== TASK STATEMENT ==
For this exercise, copy the records below exactly and exclude every image.

== PROVIDED RECORDS ==
● ● ● ● ● ● ●
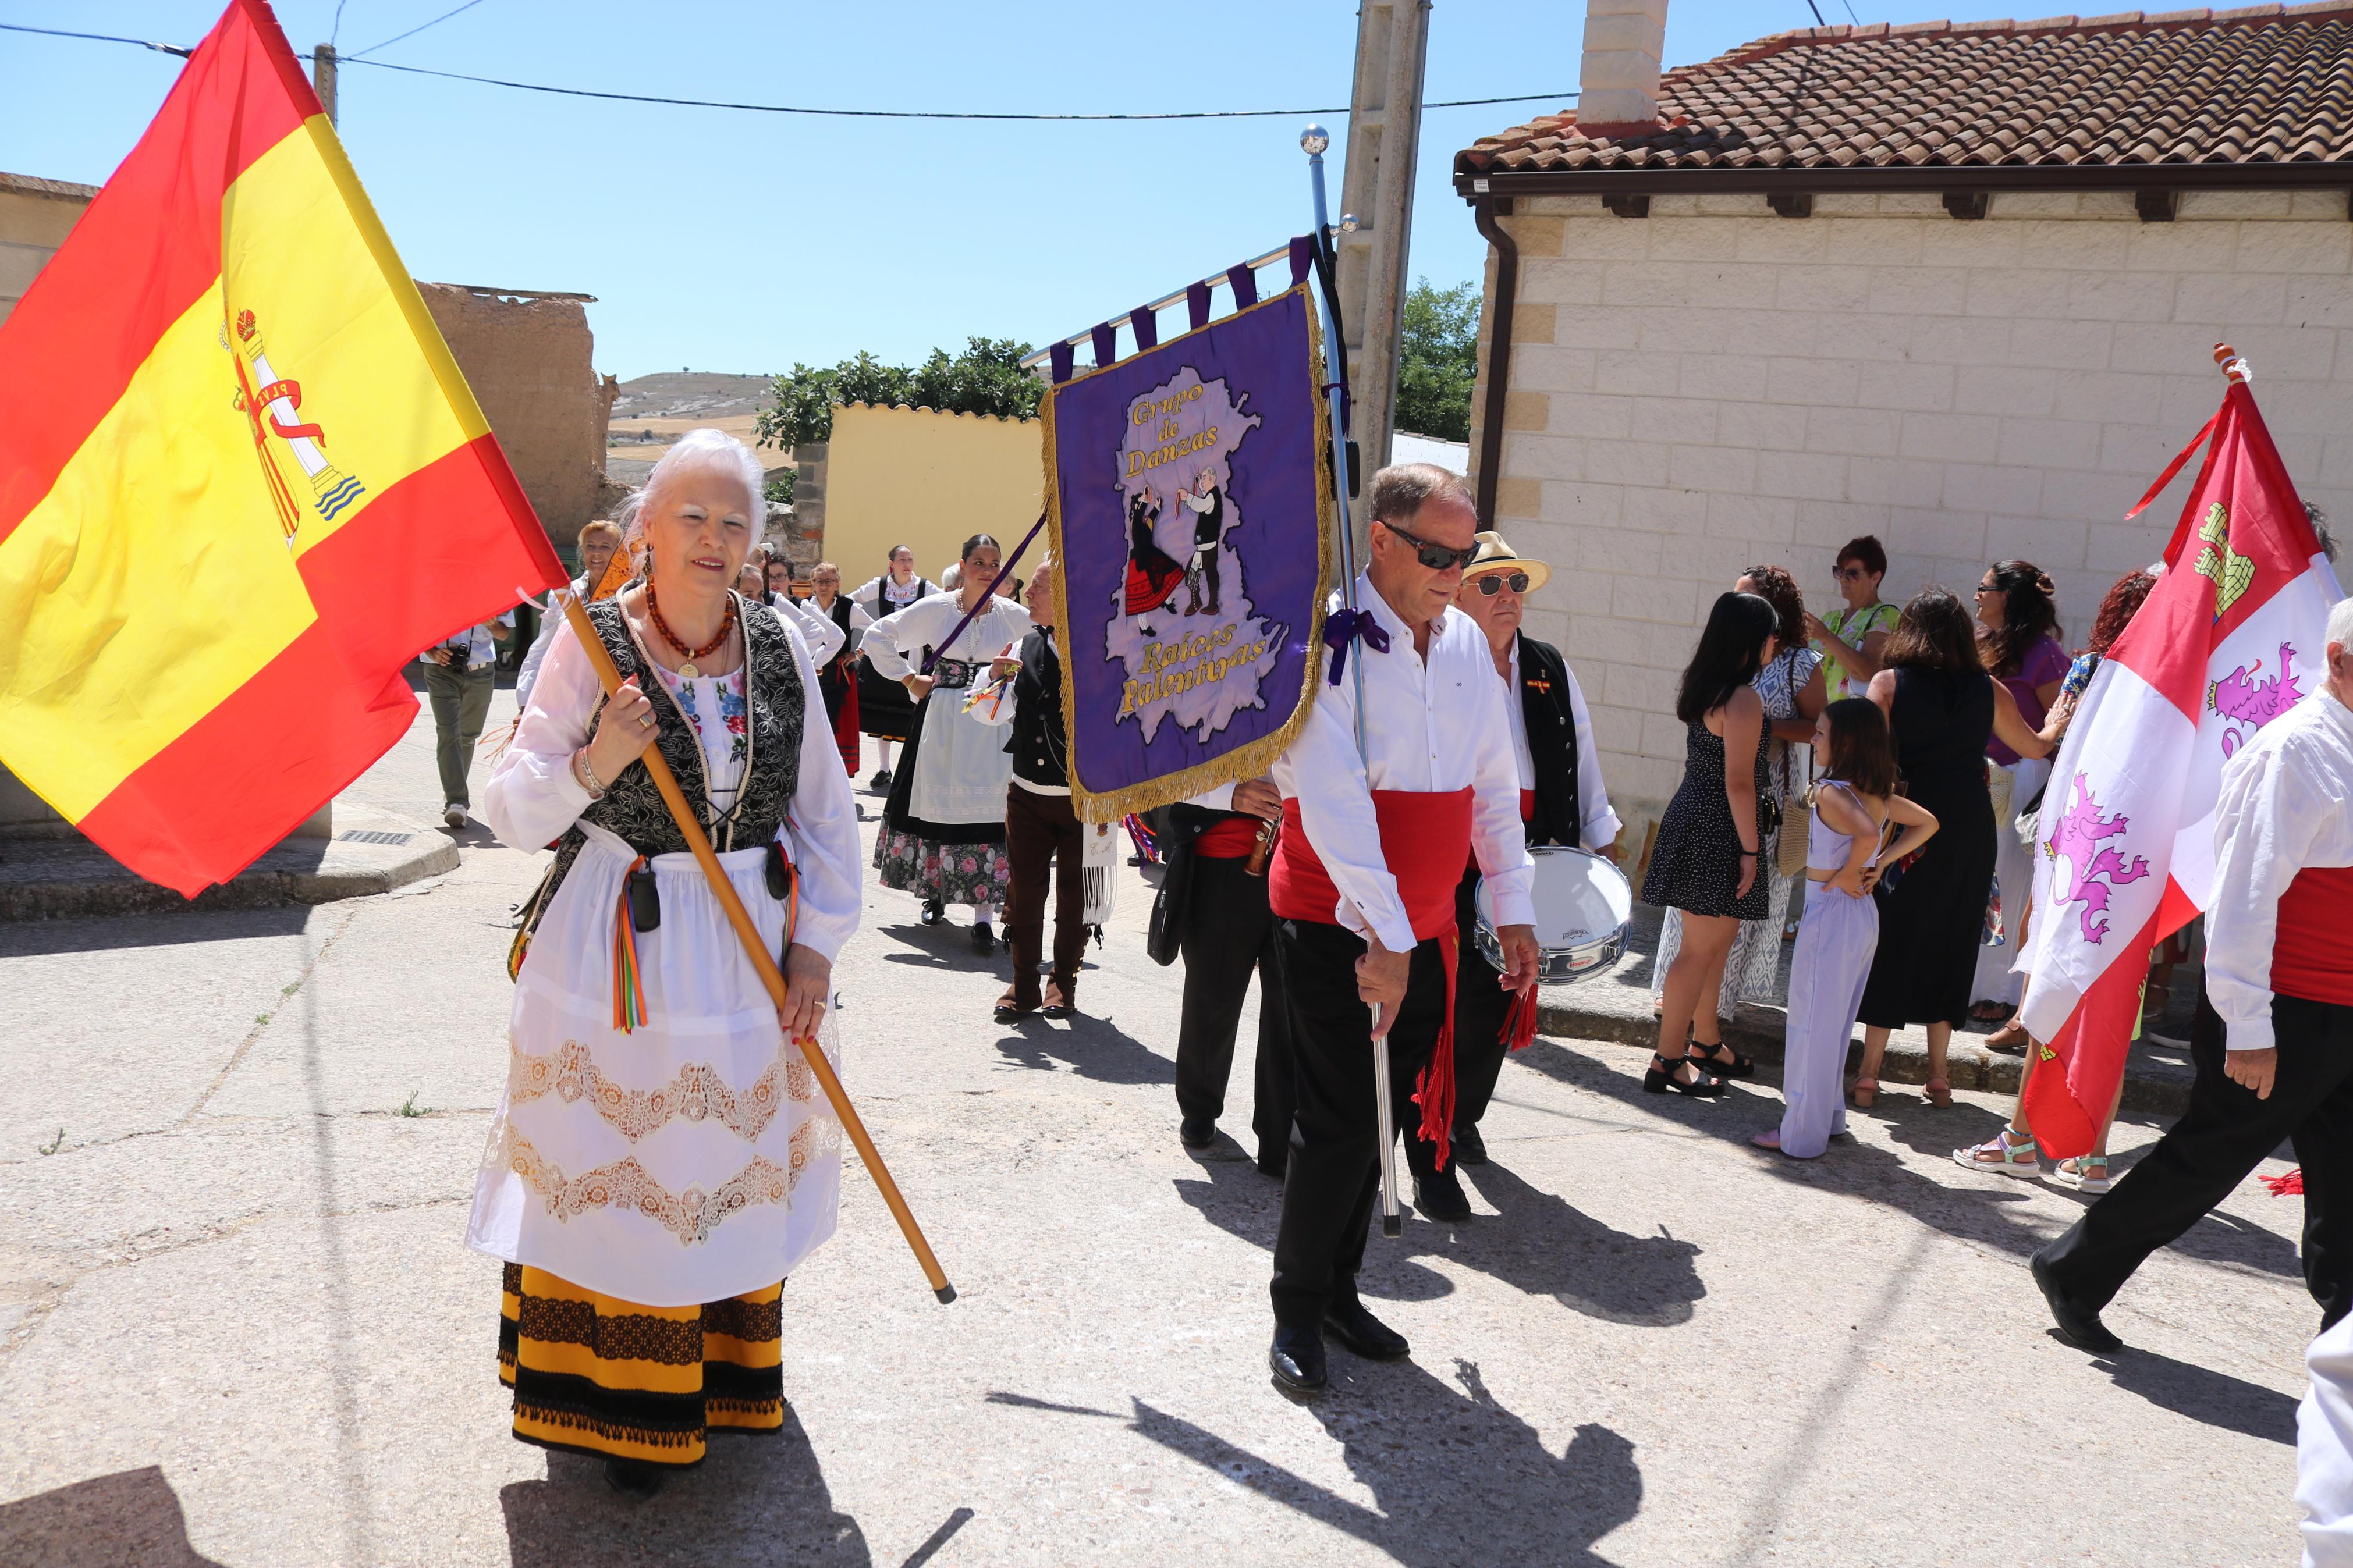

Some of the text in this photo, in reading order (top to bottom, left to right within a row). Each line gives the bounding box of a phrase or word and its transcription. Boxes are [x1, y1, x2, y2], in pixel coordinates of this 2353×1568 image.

[1133, 384, 1204, 426] Grupo
[1126, 426, 1218, 479] Danzas
[1158, 419, 1179, 442] de
[1138, 624, 1237, 674] Raíces
● ● ● ● ● ● ●
== SOLUTION ==
Some of the text in this photo, in reading order (top to bottom, left to right within a row). Each line gives the bounding box of a phrase or word and its transcription. Boxes are [x1, y1, x2, y2], in pixel coordinates of this 2353×1568 image.

[1133, 384, 1204, 426] Grupo
[1126, 426, 1218, 479] Danzas
[1158, 419, 1179, 442] de
[1138, 624, 1237, 674] Raíces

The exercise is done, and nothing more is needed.